NADFD Pivots Annual Meetings, Piggybacks With BDNY 2020

July 30, 2019

By RAY PARKER

PARK CITY, Utah — NADFD members will change their annual meeting in 2020, gathering immediately after BDNY. 

Founded 51 years ago, the organization faces declining membership, along with industry shifts, requiring the new format.

Members will now gather immediately after BDNY, which ends on a Monday in November. They will meet on that Monday night and the following Tuesday. BDNY 2020 dates are unavailable at the time of publication.

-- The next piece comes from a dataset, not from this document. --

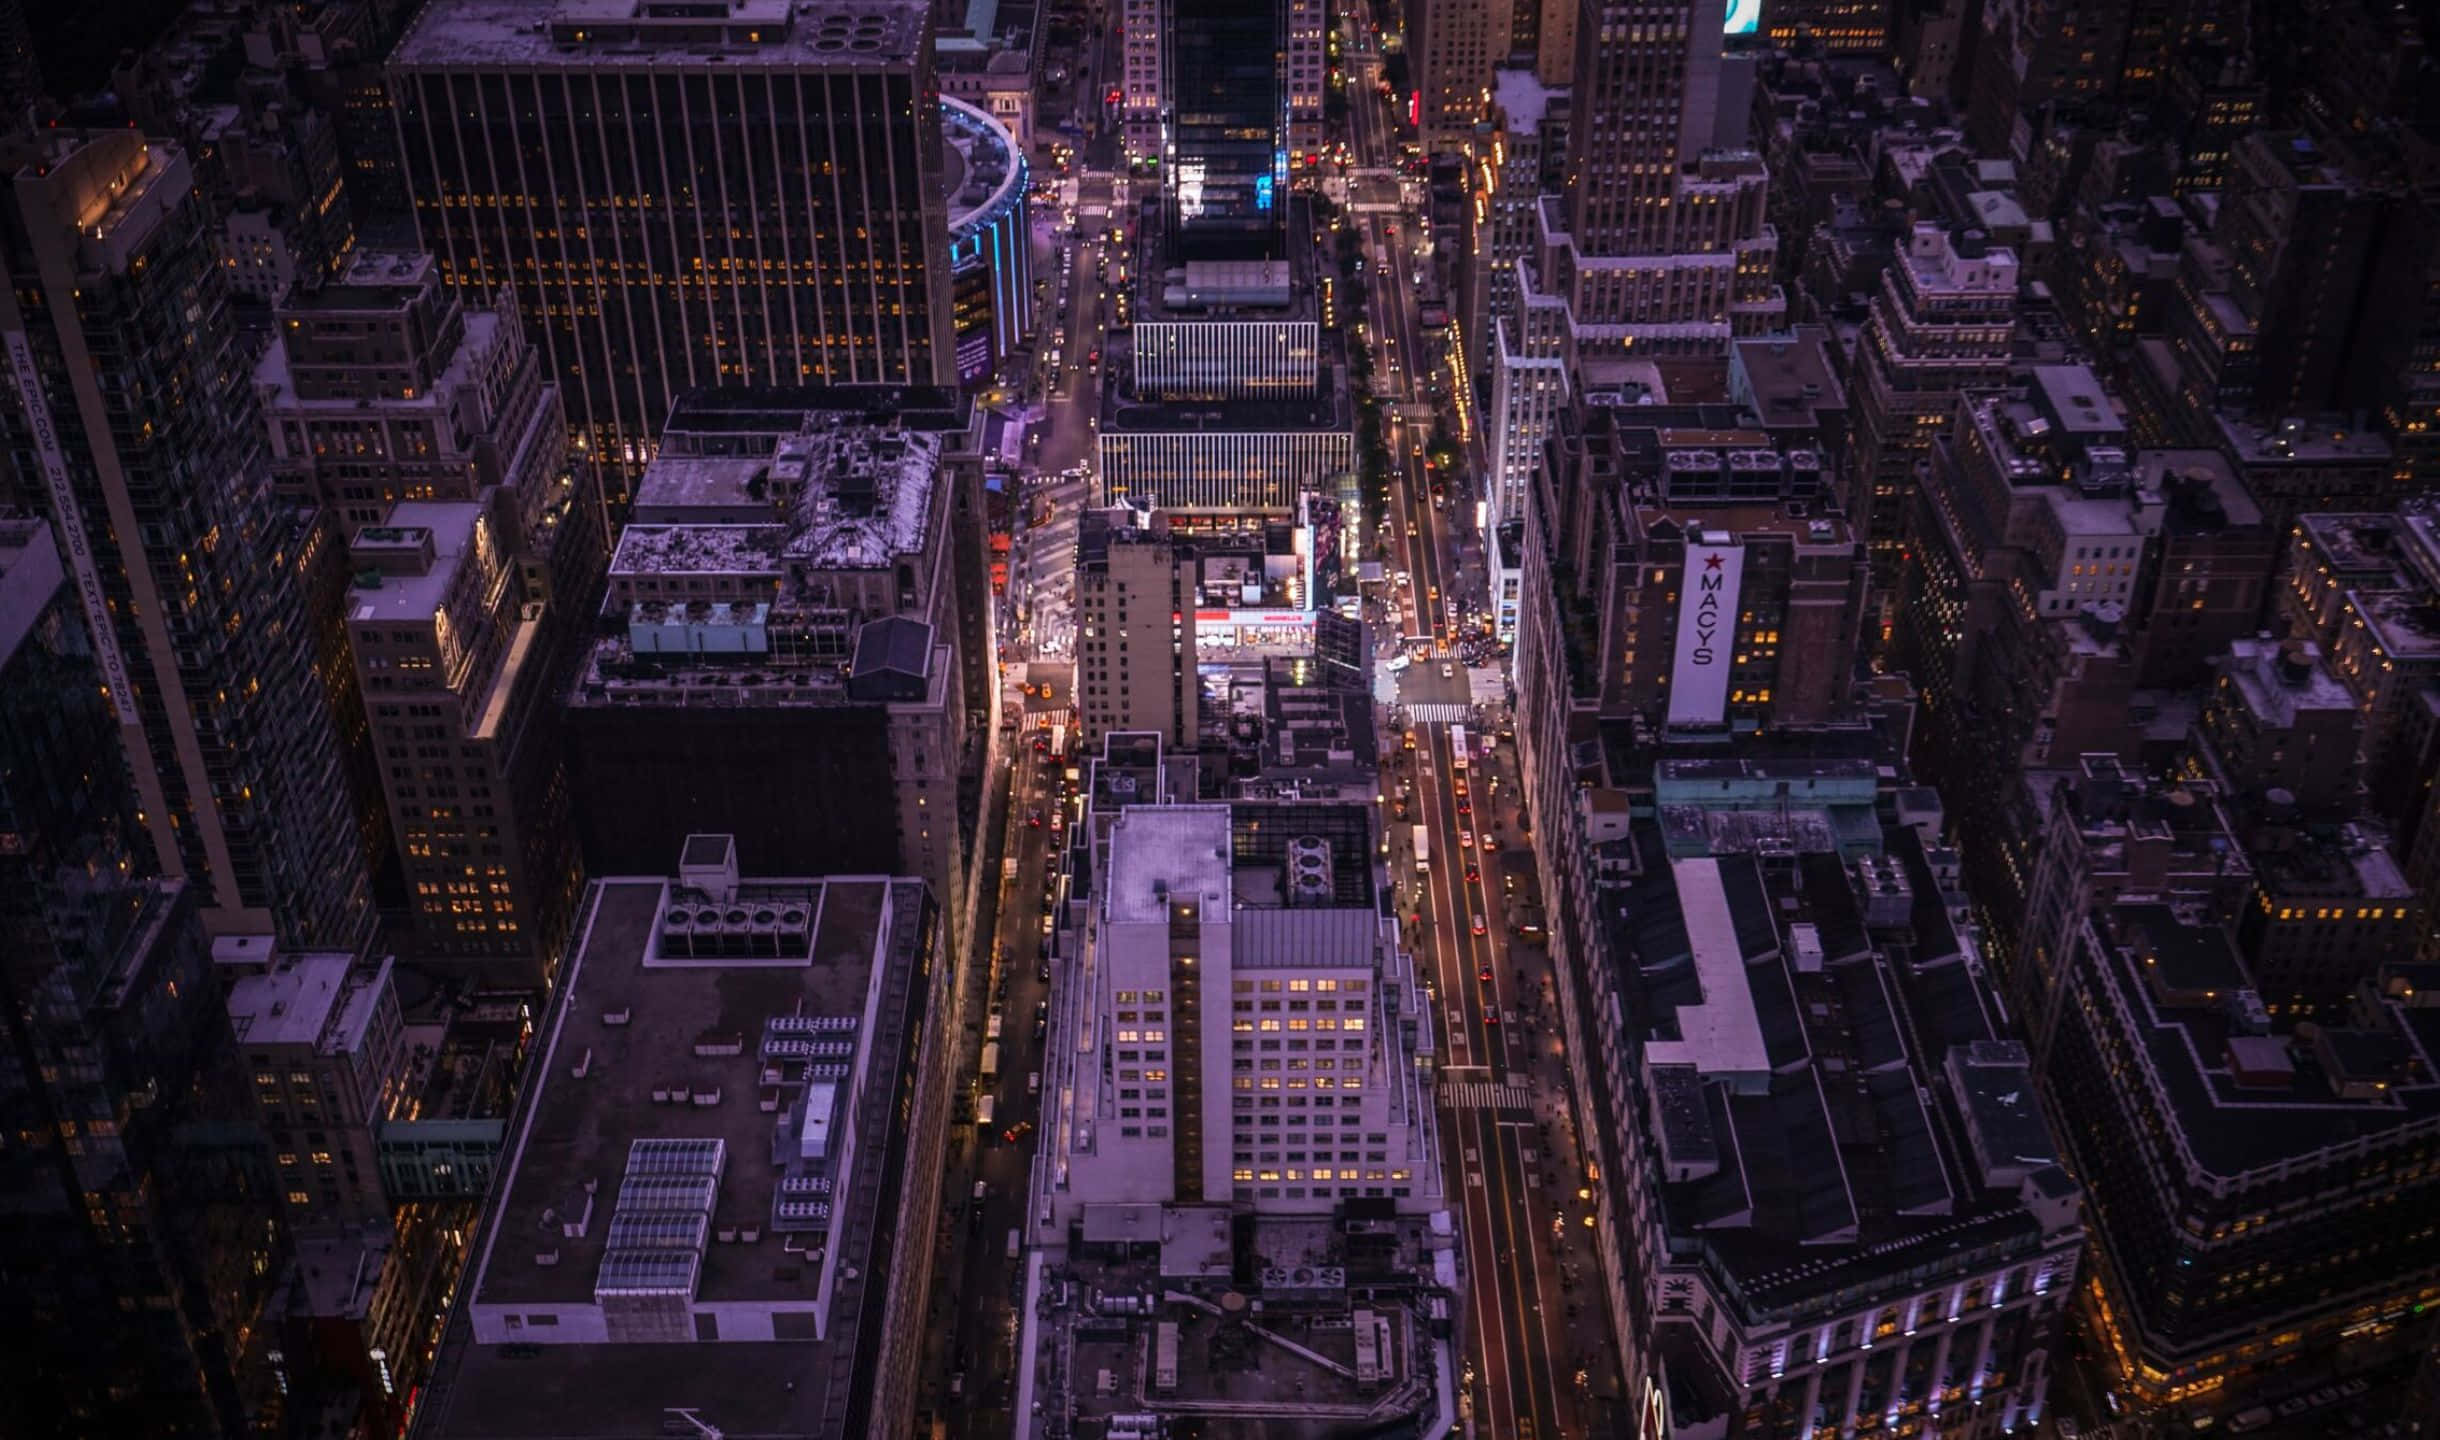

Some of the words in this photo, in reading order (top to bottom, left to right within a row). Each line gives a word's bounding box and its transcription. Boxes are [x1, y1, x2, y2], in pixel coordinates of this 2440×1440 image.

[14, 344, 31, 373] THE
[82, 571, 100, 606] TEXT
[106, 654, 119, 672] TO

Richard “Dick” Mayer, whose son, Rob, is currently the NADFD president, helped to create NADFD.

Rob Mayer says the group has five paying member-companies but requires 8 or 9 in 2021, and twelve in 2022.


NADFD President Rob Mayer in Park City, Utah.

Current member-companies include Mayer Fabrics, Silver State Fabrics, Keyston Bros., Burch Fabrics, and Momentum Group.

Mayer says in 2021 the traditional, longer format will return so that the annual meetings will alternate between short, two-day gatherings tied to established trade shows, and the traditional format, which can last five days depending on travel distance.

For example, this year’s meeting held June 23-26 at Park City, about 45 minutes from the Salt Lake City International Airport, required five days for many with traveling included.

“The plan is to reinvigorate the organization by bringing more people in from all the [current] member-companies,” Mayer said during this year’s meeting, held at a Utah ski hotel. “Also, looking at more regular members, the jobber-distributor companies, to the organization … at an event like BDNY, which allows those people already there to stay on and join us.”

​Rob Mayer and others say the traditional-NADFD-annual meetings have allowed for not only time to conduct business, but time for social interaction and networking. They say this is a unique opportunity not available in other industry trade shows or events.

For example, this year’s conference included a golf tournament, afternoon trip to the Utah Olympic Park, and three days to carve out time for conversations.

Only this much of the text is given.